# SUPPLIED MATERIAL

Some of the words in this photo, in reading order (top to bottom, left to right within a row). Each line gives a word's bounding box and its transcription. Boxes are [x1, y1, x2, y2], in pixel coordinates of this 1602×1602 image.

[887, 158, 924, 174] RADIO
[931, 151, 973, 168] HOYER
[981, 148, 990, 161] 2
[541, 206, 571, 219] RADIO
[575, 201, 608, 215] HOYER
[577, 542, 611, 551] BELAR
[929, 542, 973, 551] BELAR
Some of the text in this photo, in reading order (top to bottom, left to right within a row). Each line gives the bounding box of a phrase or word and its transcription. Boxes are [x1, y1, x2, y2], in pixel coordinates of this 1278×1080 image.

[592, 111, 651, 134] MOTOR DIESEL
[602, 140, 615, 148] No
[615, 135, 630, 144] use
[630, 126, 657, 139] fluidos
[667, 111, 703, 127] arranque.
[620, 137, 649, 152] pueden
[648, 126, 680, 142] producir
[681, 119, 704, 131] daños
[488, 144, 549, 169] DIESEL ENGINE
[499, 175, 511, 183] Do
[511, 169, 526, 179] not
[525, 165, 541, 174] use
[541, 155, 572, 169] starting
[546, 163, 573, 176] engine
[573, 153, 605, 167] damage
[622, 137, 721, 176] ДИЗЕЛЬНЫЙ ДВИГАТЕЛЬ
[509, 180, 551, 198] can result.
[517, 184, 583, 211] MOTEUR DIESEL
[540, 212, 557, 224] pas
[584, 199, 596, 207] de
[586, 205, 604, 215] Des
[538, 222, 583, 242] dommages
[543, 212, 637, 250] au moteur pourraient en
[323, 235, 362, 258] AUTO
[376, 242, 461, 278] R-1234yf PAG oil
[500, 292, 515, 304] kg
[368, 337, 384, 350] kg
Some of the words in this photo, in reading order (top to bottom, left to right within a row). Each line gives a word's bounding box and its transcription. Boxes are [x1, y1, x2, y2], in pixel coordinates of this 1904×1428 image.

# ACTION ITEM
Repeat each entry above, keeping every word exact.

# SOLUTION TO THIS TASK
Some of the words in this photo, in reading order (top to bottom, left to right within a row). Each line gives a word's bounding box and its transcription. Boxes are [x1, y1, x2, y2], in pixel coordinates of this 1602×1602 image.

[887, 158, 924, 174] RADIO
[931, 151, 973, 168] HOYER
[981, 148, 990, 161] 2
[541, 206, 571, 219] RADIO
[575, 201, 608, 215] HOYER
[577, 542, 611, 551] BELAR
[929, 542, 973, 551] BELAR
Some of the text in this photo, in reading order (top to bottom, left to right within a row). Each line gives the bounding box of a phrase or word and its transcription. Boxes are [x1, y1, x2, y2], in pixel coordinates of this 1278×1080 image.

[592, 111, 651, 134] MOTOR DIESEL
[602, 140, 615, 148] No
[615, 135, 630, 144] use
[630, 126, 657, 139] fluidos
[667, 111, 703, 127] arranque.
[620, 137, 649, 152] pueden
[648, 126, 680, 142] producir
[681, 119, 704, 131] daños
[488, 144, 549, 169] DIESEL ENGINE
[499, 175, 511, 183] Do
[511, 169, 526, 179] not
[525, 165, 541, 174] use
[541, 155, 572, 169] starting
[546, 163, 573, 176] engine
[573, 153, 605, 167] damage
[622, 137, 721, 176] ДИЗЕЛЬНЫЙ ДВИГАТЕЛЬ
[509, 180, 551, 198] can result.
[517, 184, 583, 211] MOTEUR DIESEL
[540, 212, 557, 224] pas
[584, 199, 596, 207] de
[586, 205, 604, 215] Des
[538, 222, 583, 242] dommages
[543, 212, 637, 250] au moteur pourraient en
[323, 235, 362, 258] AUTO
[376, 242, 461, 278] R-1234yf PAG oil
[500, 292, 515, 304] kg
[368, 337, 384, 350] kg
Some of the words in this photo, in reading order (top to bottom, left to right within a row). Each line gives a word's bounding box and its transcription. Boxes are [x1, y1, x2, y2], in pixel coordinates of this 1904×1428 image.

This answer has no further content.